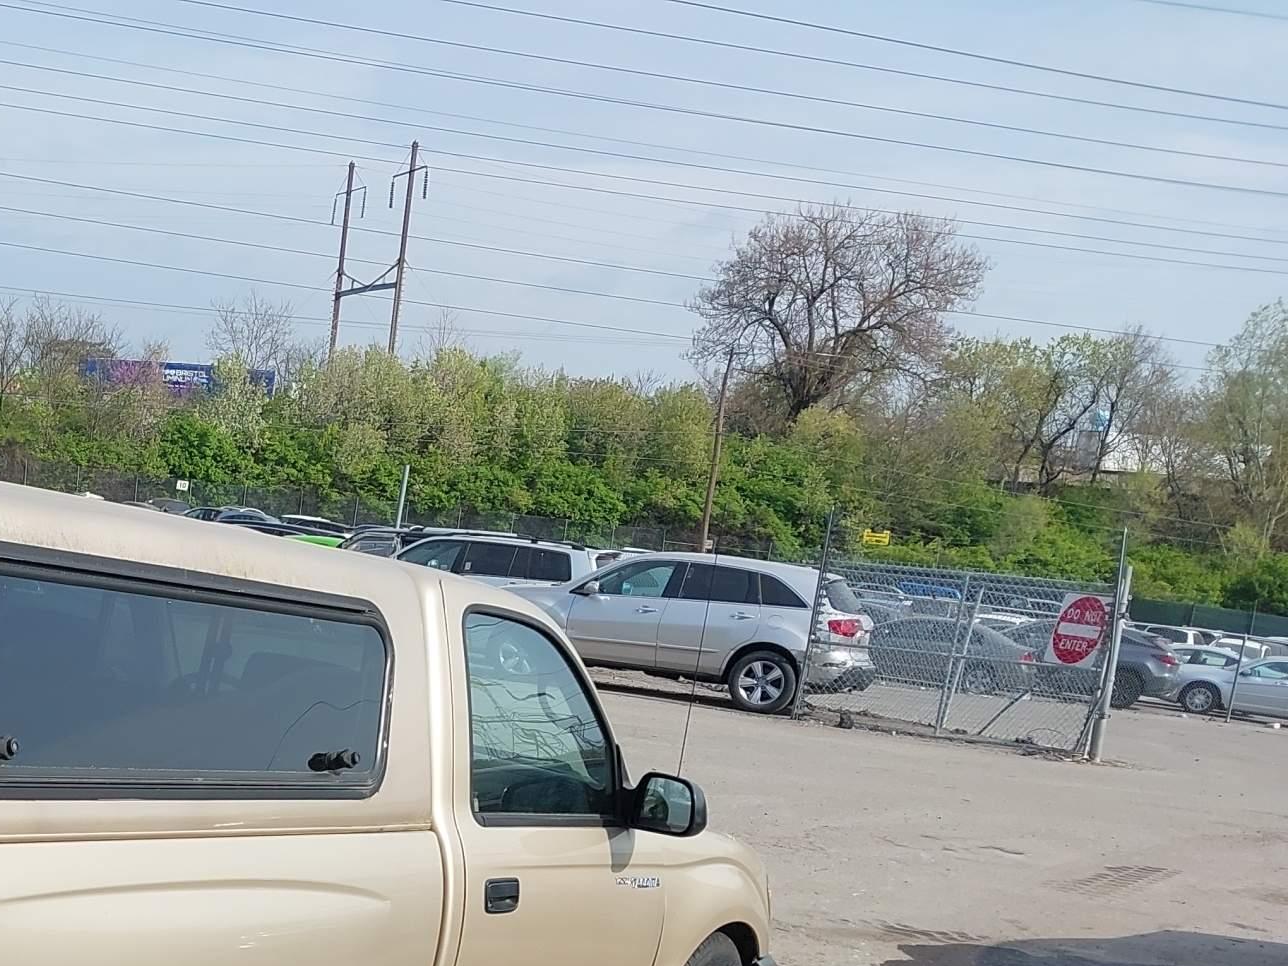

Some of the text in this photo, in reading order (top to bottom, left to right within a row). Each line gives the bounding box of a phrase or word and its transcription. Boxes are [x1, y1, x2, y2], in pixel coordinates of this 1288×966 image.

[1066, 608, 1102, 623] DO NOT
[1059, 638, 1088, 653] ENTER
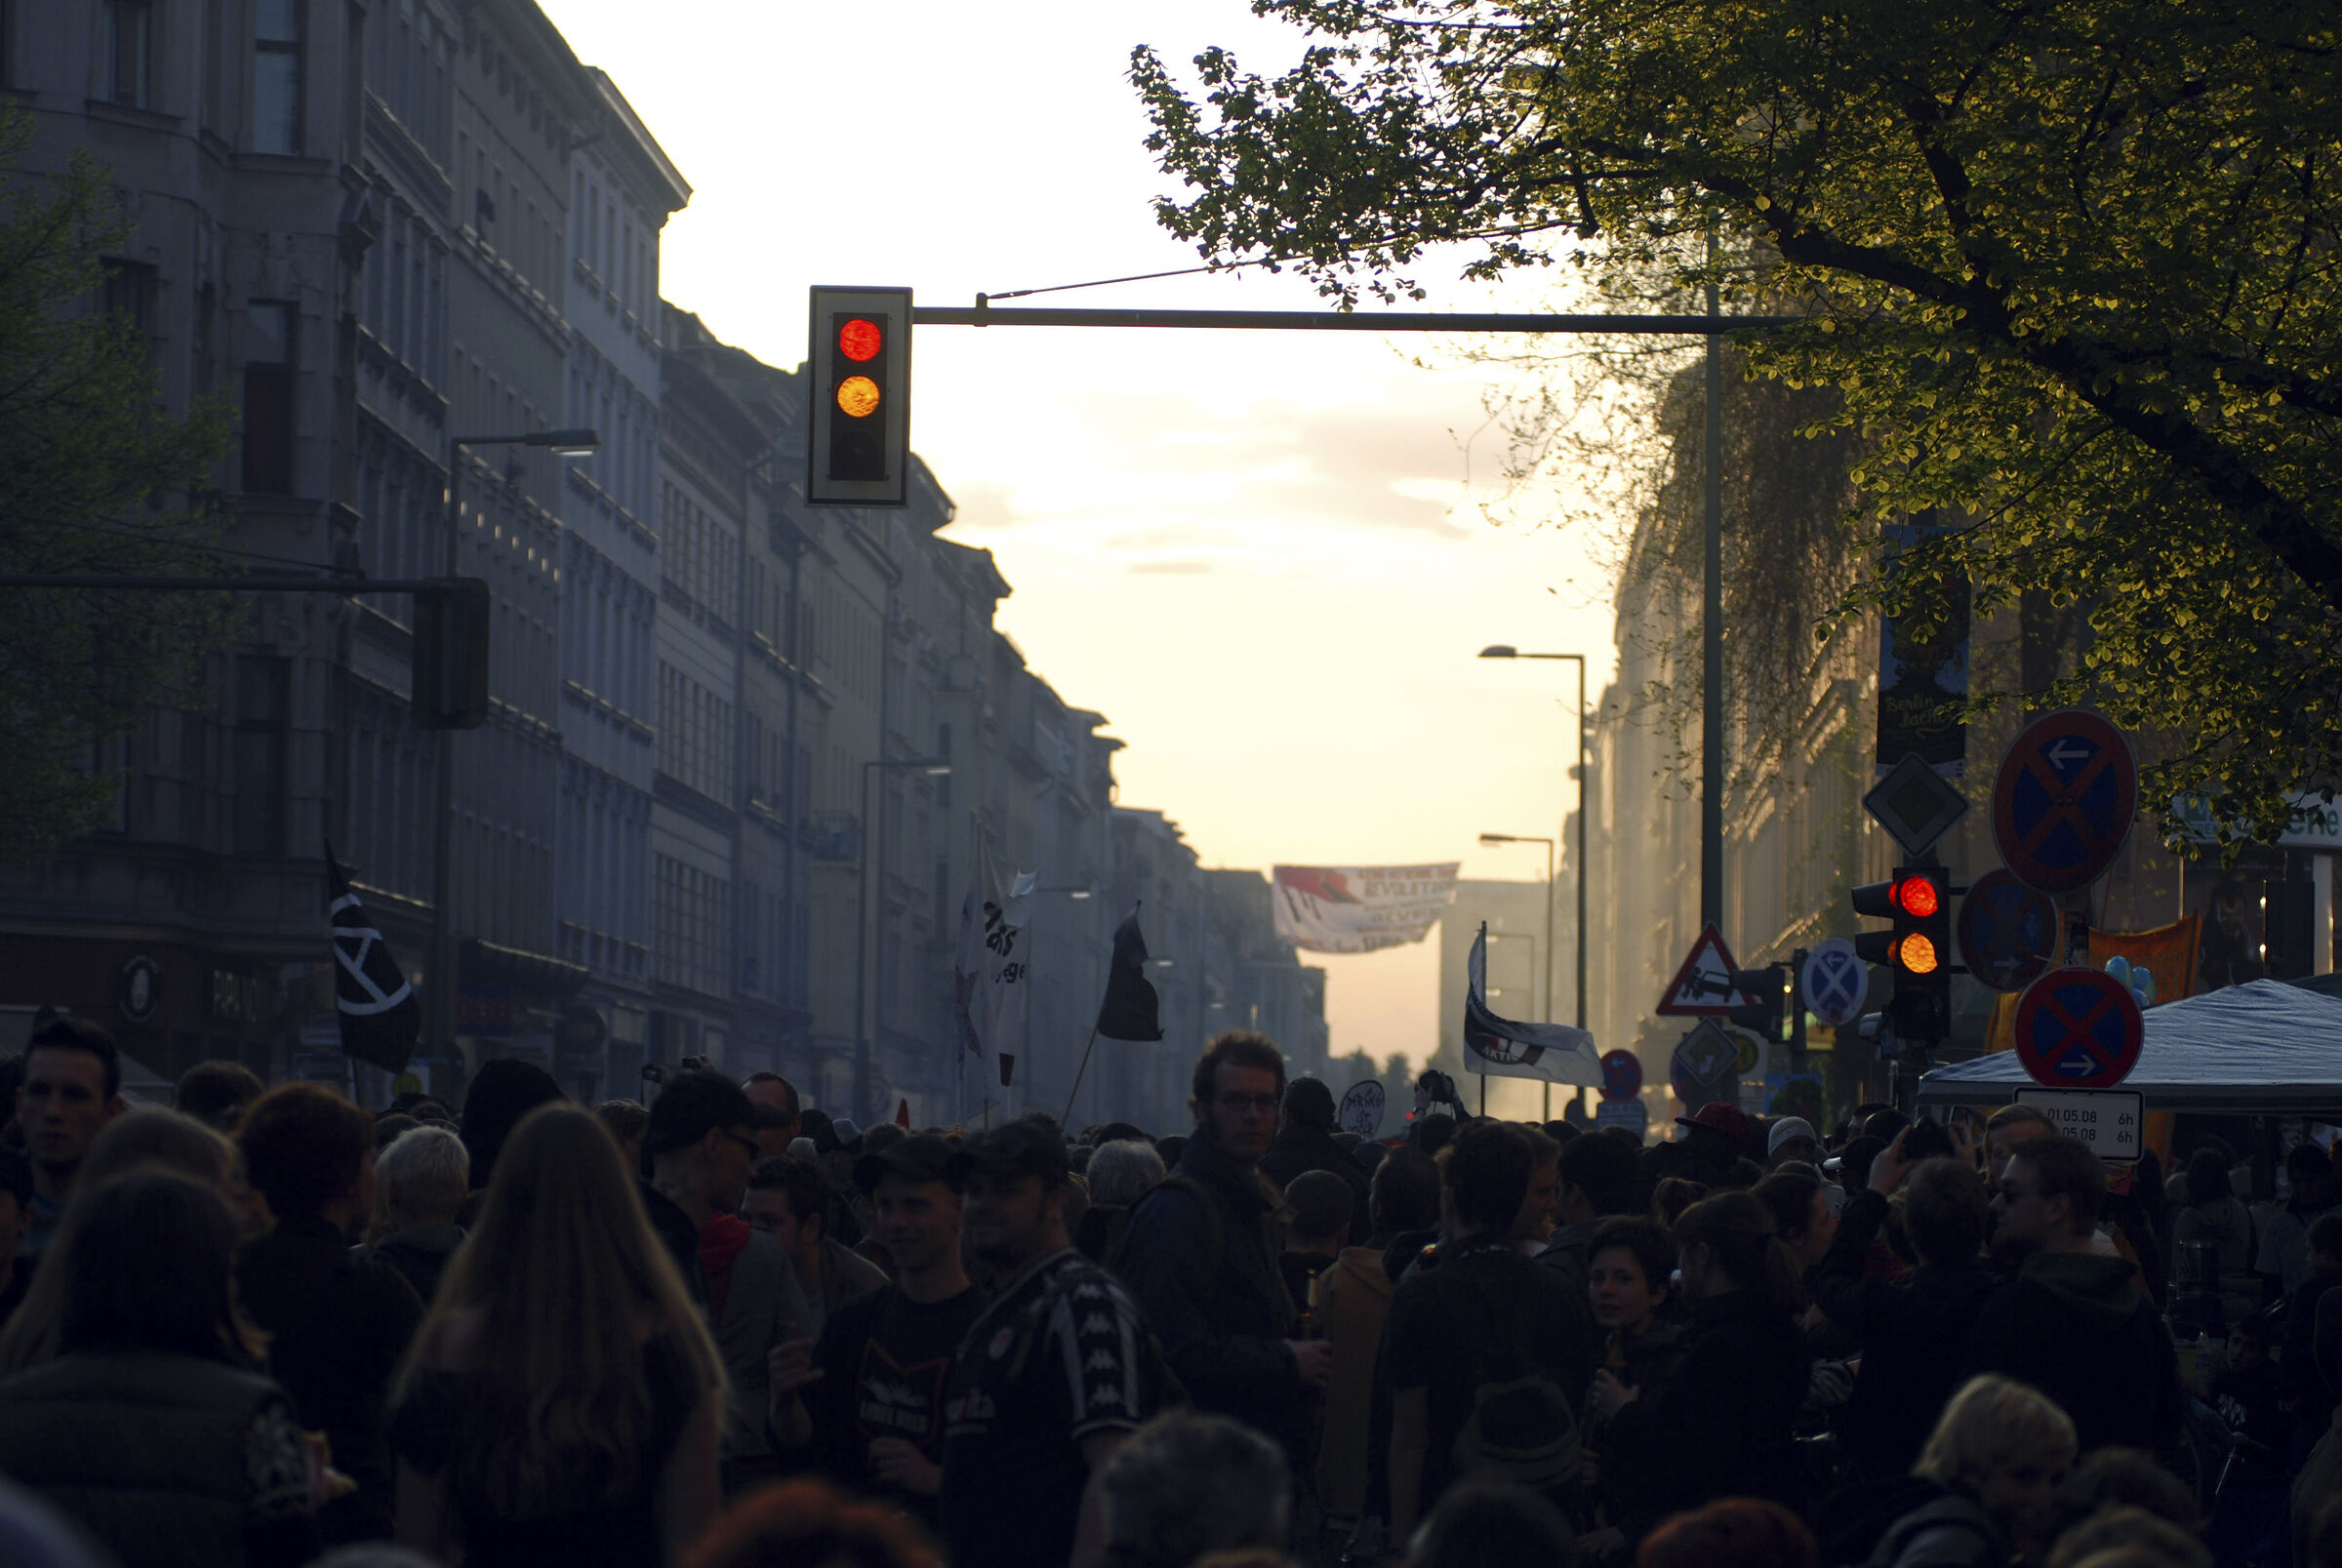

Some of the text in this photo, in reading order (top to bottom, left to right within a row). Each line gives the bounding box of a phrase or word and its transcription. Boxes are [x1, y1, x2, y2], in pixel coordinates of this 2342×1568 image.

[2047, 1108, 2133, 1125] 01.05.08 6h
[2062, 1127, 2132, 1143] 05.08 6h

==================================================

→ **WHAT YOU WILL DO**:
Exact repetition of each line above is expected; images are to be omitted.

→ **EXERCISE OUTPUT**:
Some of the text in this photo, in reading order (top to bottom, left to right within a row). Each line gives the bounding box of a phrase or word and its transcription. Boxes are [x1, y1, x2, y2], in pixel coordinates of this 1288×966 image.

[1066, 608, 1102, 623] DO NOT
[1059, 638, 1088, 653] ENTER

Some of the text in this photo, in reading order (top to bottom, left to right within a row). Each line gives the bounding box of a phrase or word and its transcription. Boxes are [x1, y1, x2, y2], in pixel coordinates of this 2342×1568 image.

[2047, 1108, 2133, 1125] 01.05.08 6h
[2062, 1127, 2132, 1143] 05.08 6h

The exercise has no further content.